ここでは,谷が行った研究と,谷が指導した若手研究者たちが行った近年の青年期研究を概観し,現在の青年期研究の一端を紹介する。
 谷は,自我同一性に関する研究,「甘え」に関する研究,自己愛に関する研究などの精神分析的人格論の立場からの青年期研究を行っている。中でも,谷(2001)は,多次元自我同一性尺度(MEIS)を作成した。また,谷(2008,2014)は,MEISの共分散構造分析の結果から,自我同一性概念には層的構造があり,精神内的な層である「中核的同一性」と,現実・社会との接触によって形成される外的な層である「心理社会的自己同一性」に大別できることを指摘している。
 このような研究を継承し,神戸大学出身の若手研究者たちが様々な研究を行っている。
 大西(2008)は,精神分析理論に依拠した新たな特性罪悪感尺度を作成し,探索的因子分析と確認的因子分析によって,青年期における罪悪感が4因子構造であることを確認した。
 稲垣(2007)は,自己愛的甘えに着目した上で,自己愛的甘え尺度を作成し,探索的因子分析および確認的因子分析によって3因子構造であることを確認している。さらに,稲垣(2013)は,自己愛的甘えの思春期・青年期における発達的変化を検討し,高校生においては,自己愛的甘えは,「中核的同一性」とのみ相関するが,大学生においては,「中核的同一性」と「心理社会的自己同一性」の両者と相関することを見出している。
 原田(2012)は,自己愛と自我同一性の関連に関して発達的変化を検討している。自我同一性の潜在変数を「中核的同一性」と「心理社会的自己同一性」として,共分散構造分析に多母集団同時分析を適用した結果,青年期の発達課題として,自己愛は青年期の間に低下させておくべきものであることを示唆した。

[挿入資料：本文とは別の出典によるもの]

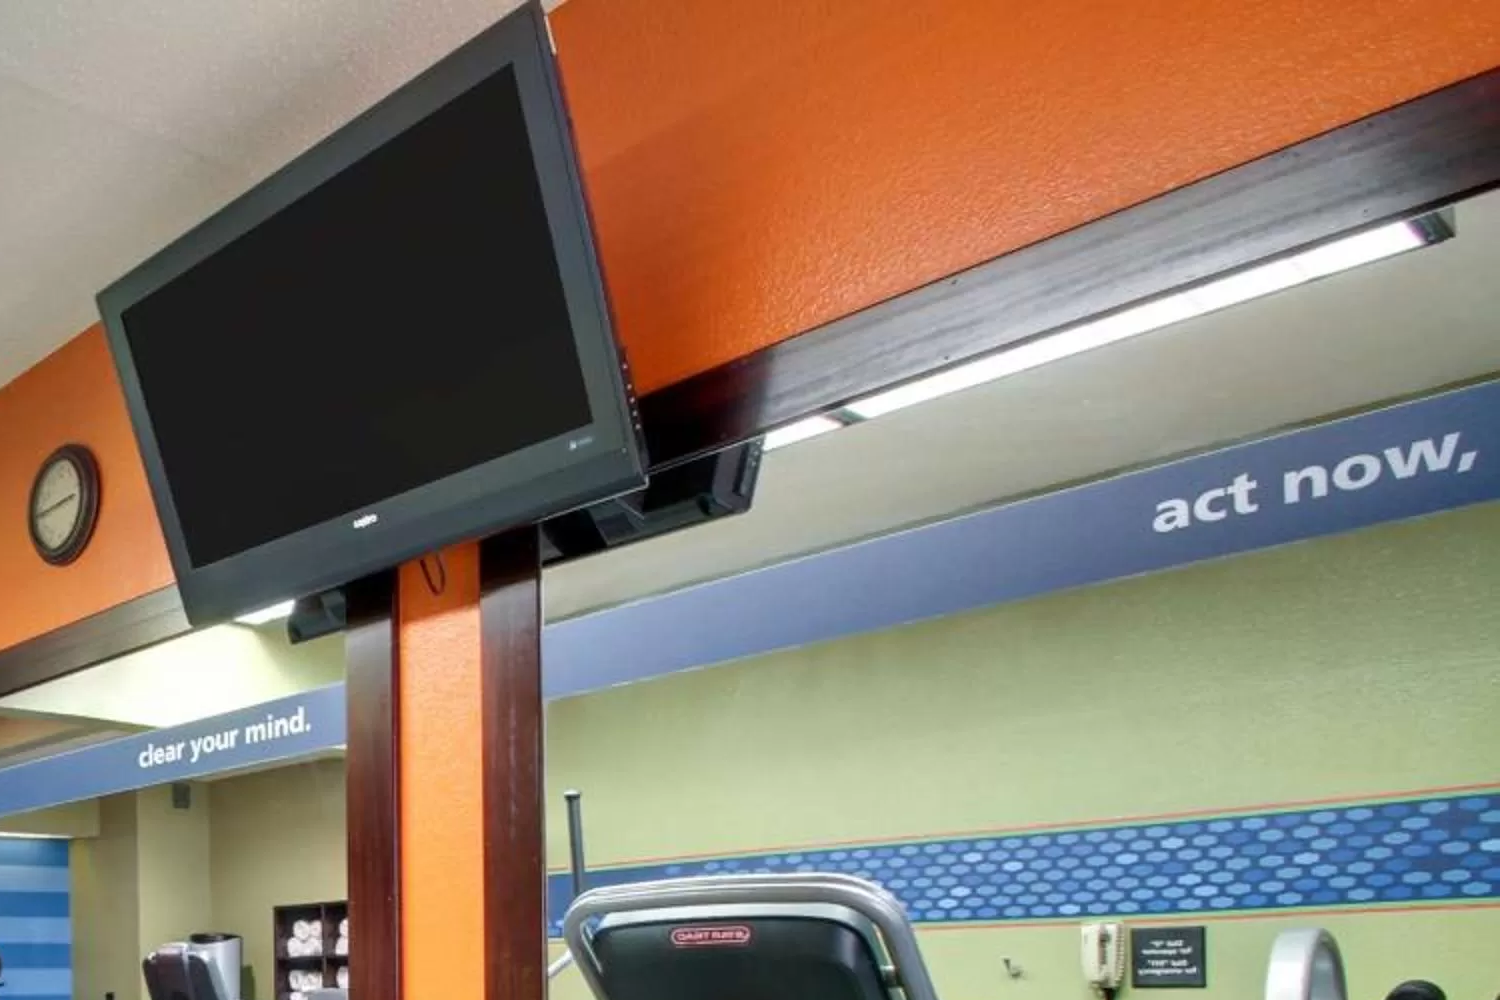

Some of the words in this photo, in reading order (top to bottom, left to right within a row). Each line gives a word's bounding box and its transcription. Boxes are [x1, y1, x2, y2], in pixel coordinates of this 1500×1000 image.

[1152, 473, 1258, 533] act
[1284, 432, 1478, 504] now,
[138, 742, 185, 769] clear
[190, 728, 239, 764] your
[245, 706, 311, 745] mind.

 このように,精神分析的人格論における概念に関する青年期研究が,現在の我々の研究集団では行われていると言ってよいであろう。
青年期研究のこれから
原田 新
 これまで我が国において様々な青年期研究がなされてきた。しかし,重要な検討課題と認識されながらも十分には取り組まれず,今後の課題として残されているものも多いように思われる。近年,心理学の研究の中に,より洗練された統計分析の手法や,web調査のような新たな調査方法が取り入れられてきている。今後そういった新しい技術や方法を活用することで,これまで残されてきた検討課題についても,取り組みやすくなる可能性がある。そこで,まずは改めて今後の検討課題について整理しておくことは意義あることといえる。本発表ではそのような課題として,縦断研究および高卒就職者の研究の少なさを取り上げると共に,それらに取り組んだ発表者の研究結果の報告も行う。

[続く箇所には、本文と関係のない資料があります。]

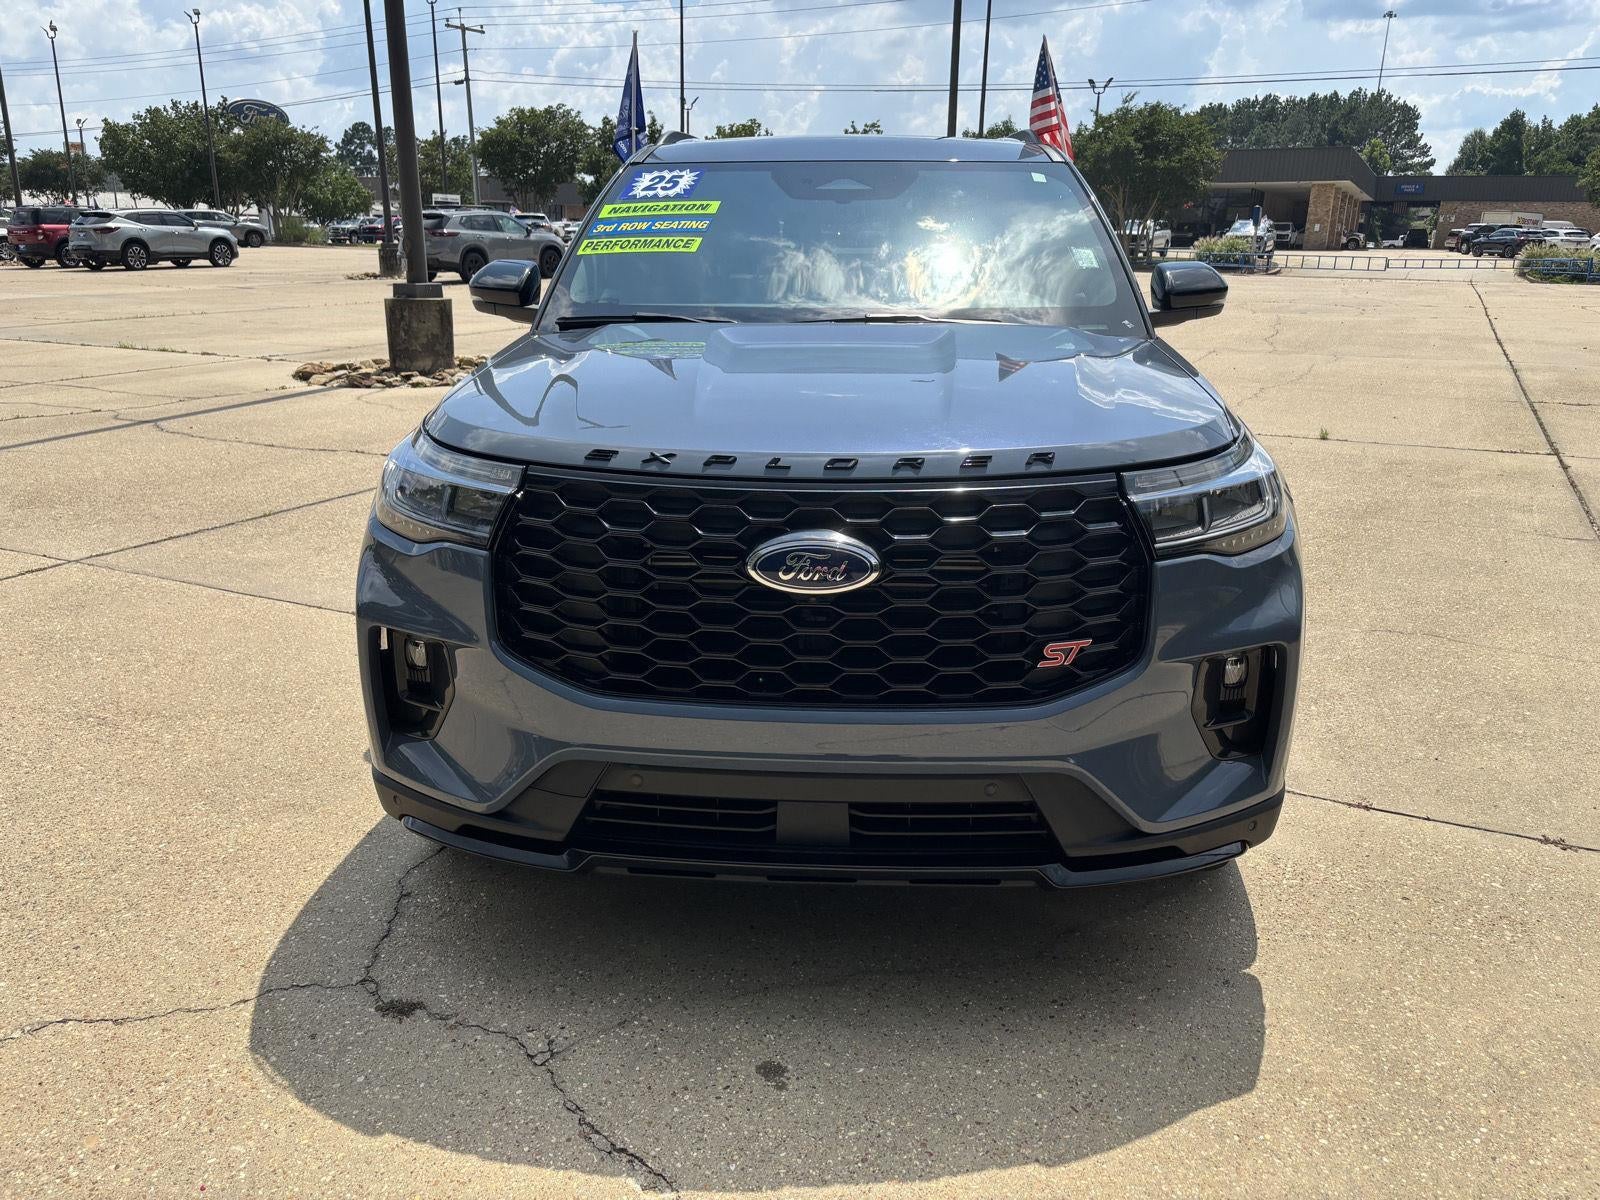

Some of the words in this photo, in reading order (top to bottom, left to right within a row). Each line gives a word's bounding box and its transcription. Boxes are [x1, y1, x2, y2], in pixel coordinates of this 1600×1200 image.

[640, 175, 684, 192] 25
[609, 203, 711, 214] NAVIGATION
[593, 224, 616, 233] 3rd
[618, 221, 649, 231] ROW
[652, 220, 709, 230] SEATING
[581, 239, 696, 252] PERFORMANCE
[584, 448, 1056, 472] EXPLORER
[778, 551, 848, 581] Ford
[1037, 639, 1092, 668] ST
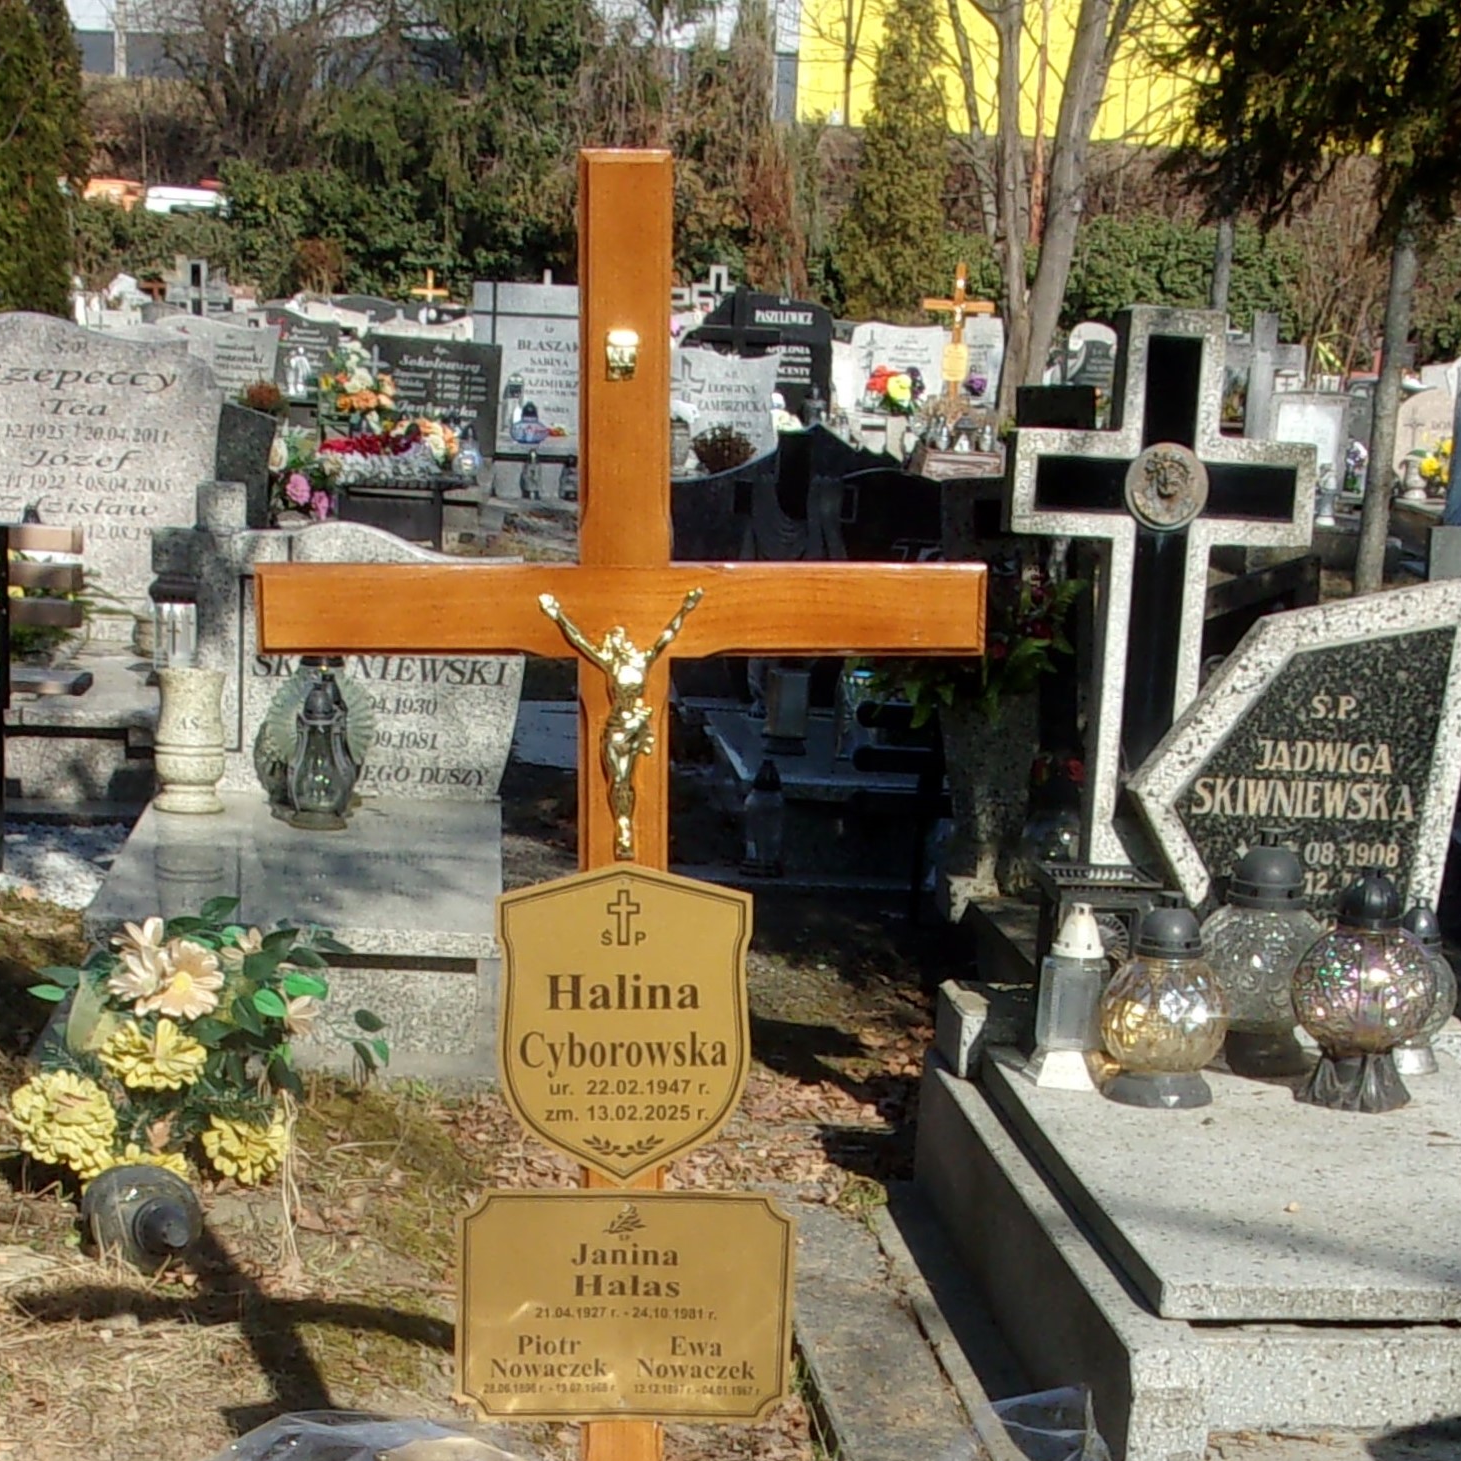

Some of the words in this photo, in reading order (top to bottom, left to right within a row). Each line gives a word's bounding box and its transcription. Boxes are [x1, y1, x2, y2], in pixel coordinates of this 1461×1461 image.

[1255, 738, 1393, 776] JADWIGA
[418, 767, 490, 786] DUSZY
[1191, 776, 1416, 822] SKIWNIEWSKA
[634, 931, 647, 946] P
[546, 974, 700, 1010] Halina
[519, 1031, 727, 1078] Cyborowska
[549, 1083, 574, 1096] ur.
[587, 1080, 691, 1096] 22.02.1947
[698, 1083, 711, 1095] r.
[545, 1108, 579, 1122] zm.
[587, 1105, 691, 1121] 13.02.2025
[697, 1108, 709, 1121] r.
[571, 1243, 679, 1267] Janina
[535, 1307, 607, 1319] 21.04.1927
[518, 1334, 582, 1356] Piotr
[670, 1336, 723, 1358] Ewa
[491, 1358, 608, 1379] Nowaczek
[637, 1358, 756, 1381] Nowaczek

 まず,これまでの我が国の青年期研究は横断調査によるものが多いが,縦断研究を行うことで,検討の可能性が広がる事案は多い。例えば,縦断調査のデータを用いた分析を行うことで,横断調査のデータよりも幾分有用な因果関係の論拠を与えることができると指摘されるなど(高橋,2012),より厳密な因果関係の検討には縦断調査の実施が不可欠といえる。また,発達段階理論の重要な検討課題として移行のメカニズムの解明(小松・白井・高橋,2013)が挙げられると共に,近年の青年心理学会のワークショップやシンポジウムでは,青年期の始期と終期についての検討など,青年期の再定義に関する議論が盛んに行われている。このような議論にも,縦断的データの分析から得られる知見は有用といえる。
 次に,青年期(青年期後期)の研究では,高卒就職者を対象とした研究は極めて少ない。自身の将来について模索する時間的猶予を与えられている大学生と,そのような模索が少ないまま社会人としての役割を求められる高卒就職者とでは,例えば発達段階間の移行のメカニズムなどに違いが見られるかもしれない。しかしそのような検討はなされないまま,主に大学生を対象とした研究結果に基づいて,青年期後期の理論構築が行われているように思われる。
 発表者は,以上のような課題を考慮し,新規学卒者の新入社員(高卒,大卒含む)を対象とした,人格特性と職場不適応との関連に関する縦断研究を開始した。今後全4回の調査を行う予定であるが,本発表では2014年4月と7月の二時点での縦断的データから得られた結果の一部を報告する。